* **INSTRUCTIONS FOR THE TASK**:
When you reproduce these records, keep every word exactly and drop the images.

* **PROVIDED DATA**:
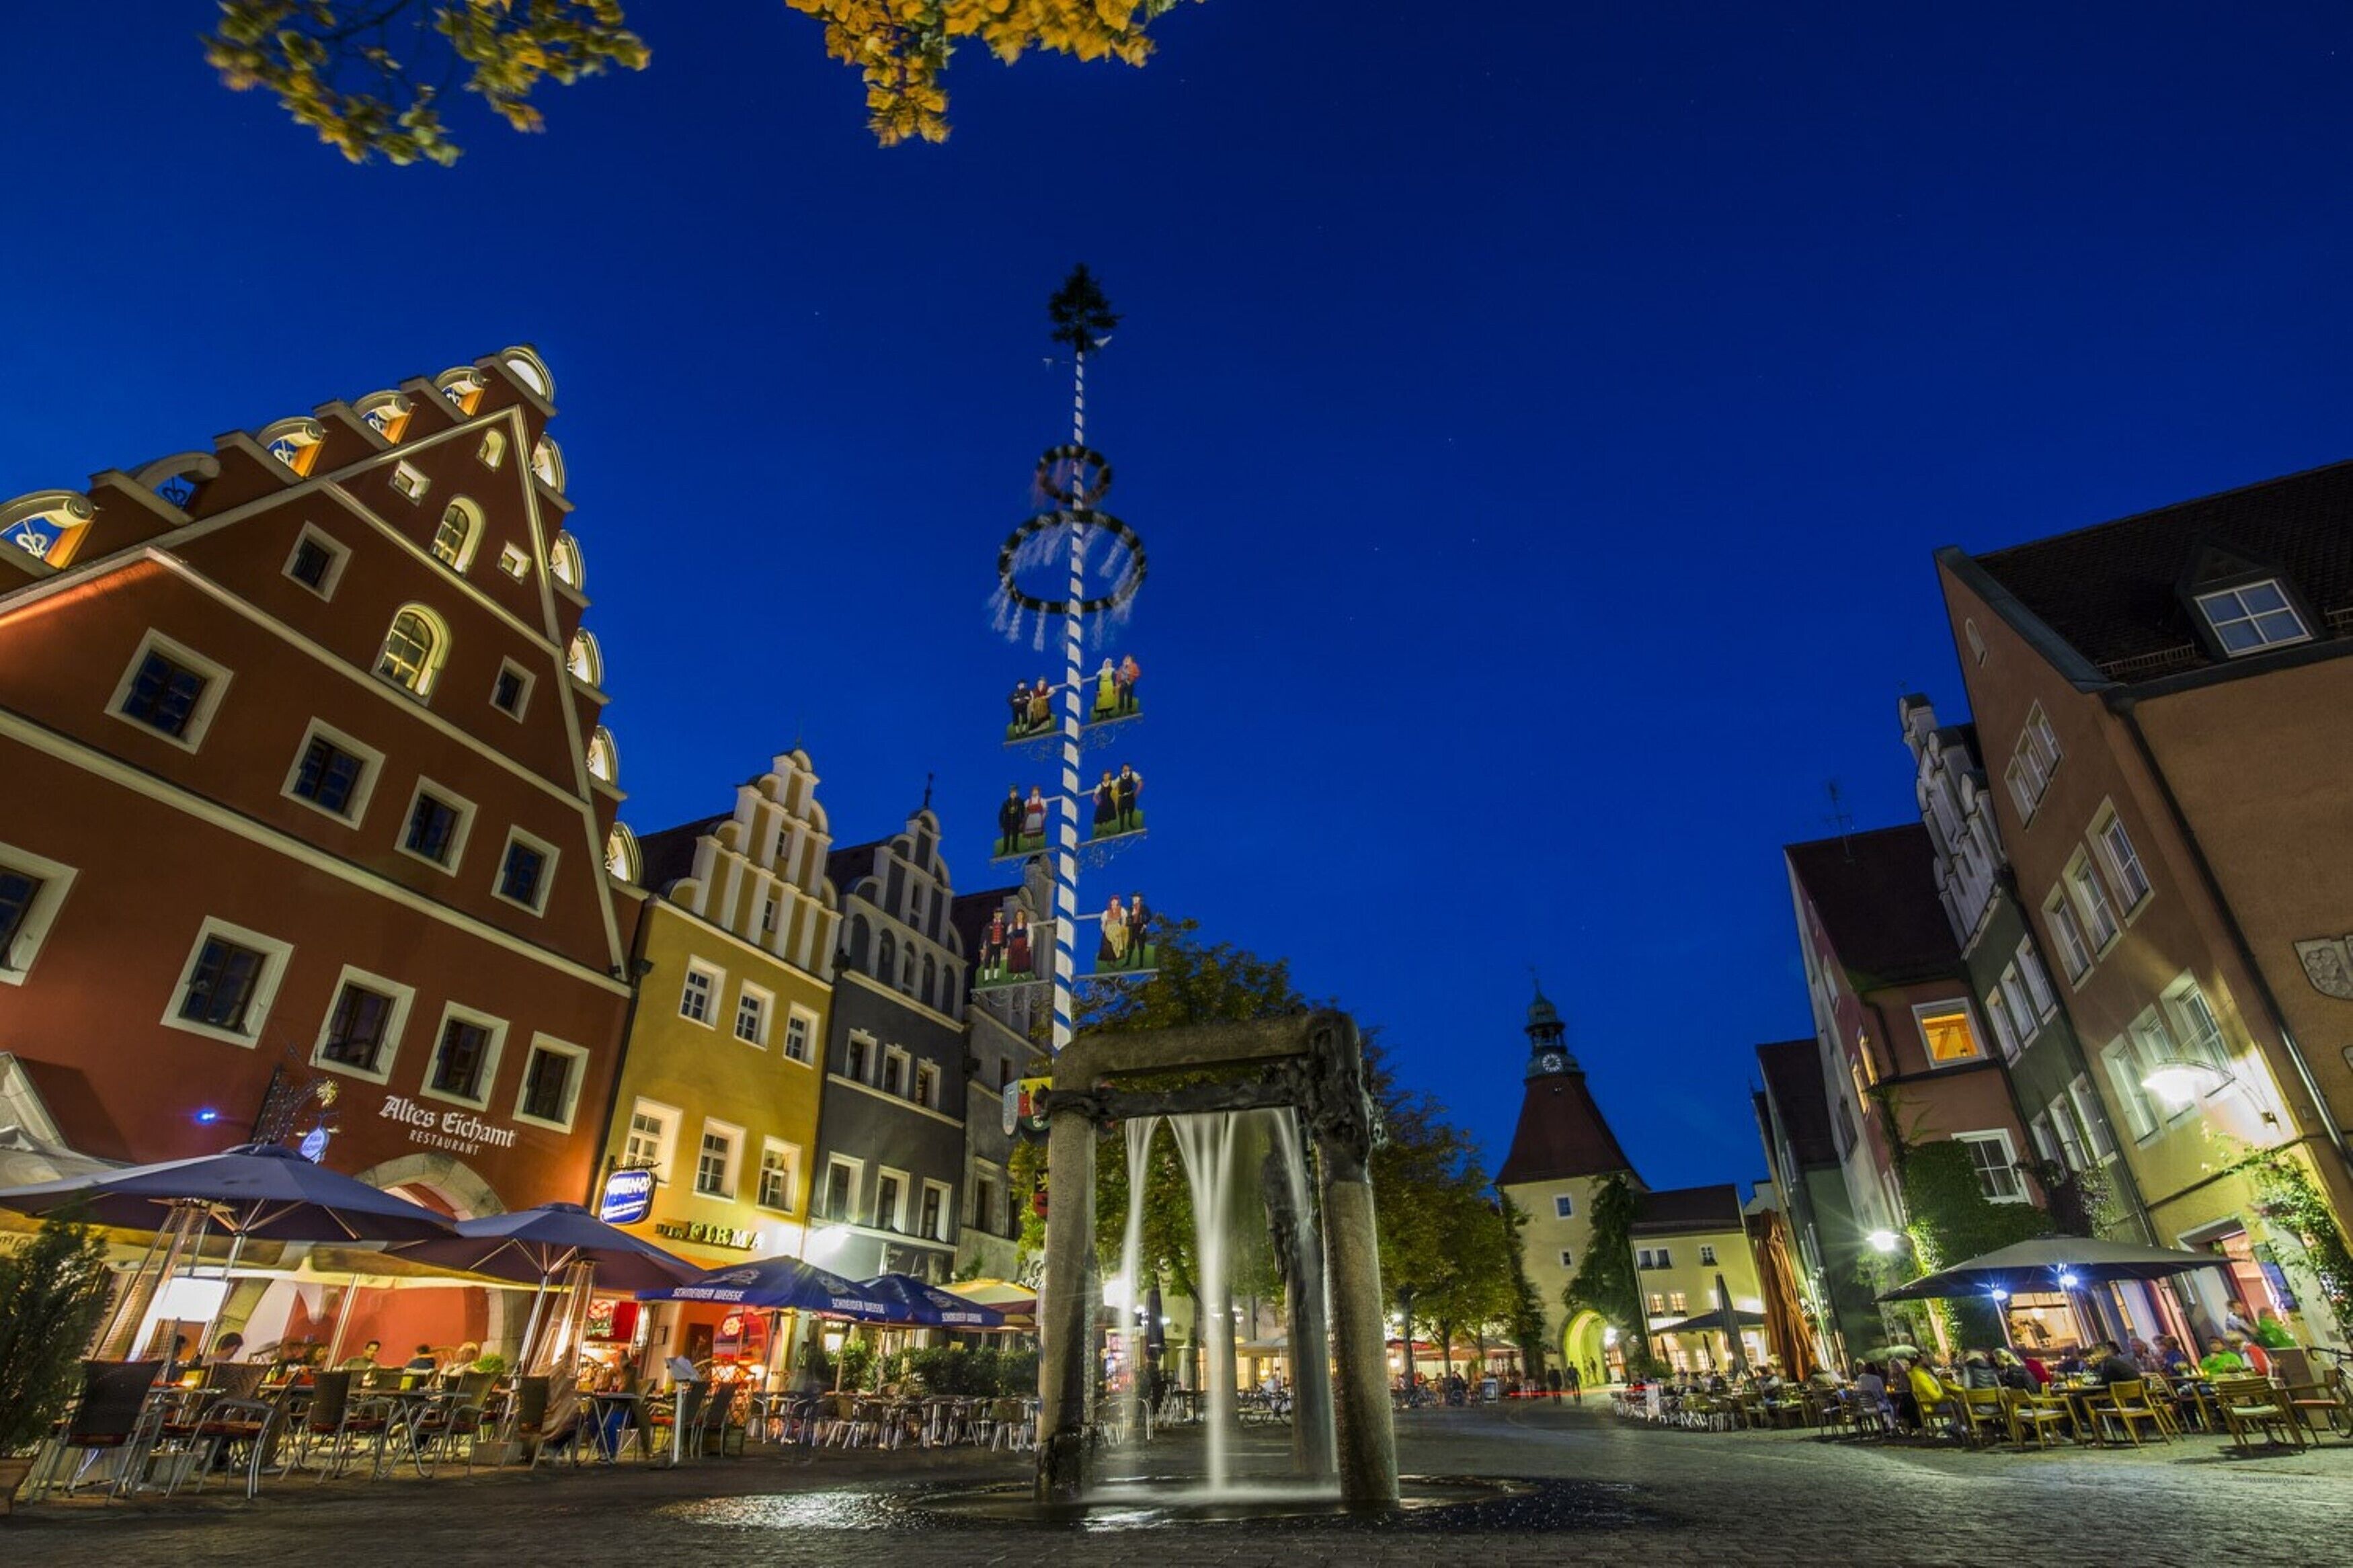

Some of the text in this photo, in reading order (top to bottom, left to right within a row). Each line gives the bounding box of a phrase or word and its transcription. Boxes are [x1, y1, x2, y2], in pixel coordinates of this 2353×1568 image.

[379, 1095, 516, 1148] Altes Eichamt
[409, 1130, 481, 1156] RESTAURANT
[688, 1223, 766, 1250] FIRMA
[672, 1287, 716, 1299] SCHNEIDER

* **COMPLETED EXERCISE**:
Some of the text in this photo, in reading order (top to bottom, left to right within a row). Each line gives the bounding box of a phrase or word and its transcription. Boxes are [x1, y1, x2, y2], in pixel coordinates of this 2353×1568 image.

[379, 1095, 516, 1148] Altes Eichamt
[409, 1130, 481, 1156] RESTAURANT
[688, 1223, 766, 1250] FIRMA
[672, 1287, 716, 1299] SCHNEIDER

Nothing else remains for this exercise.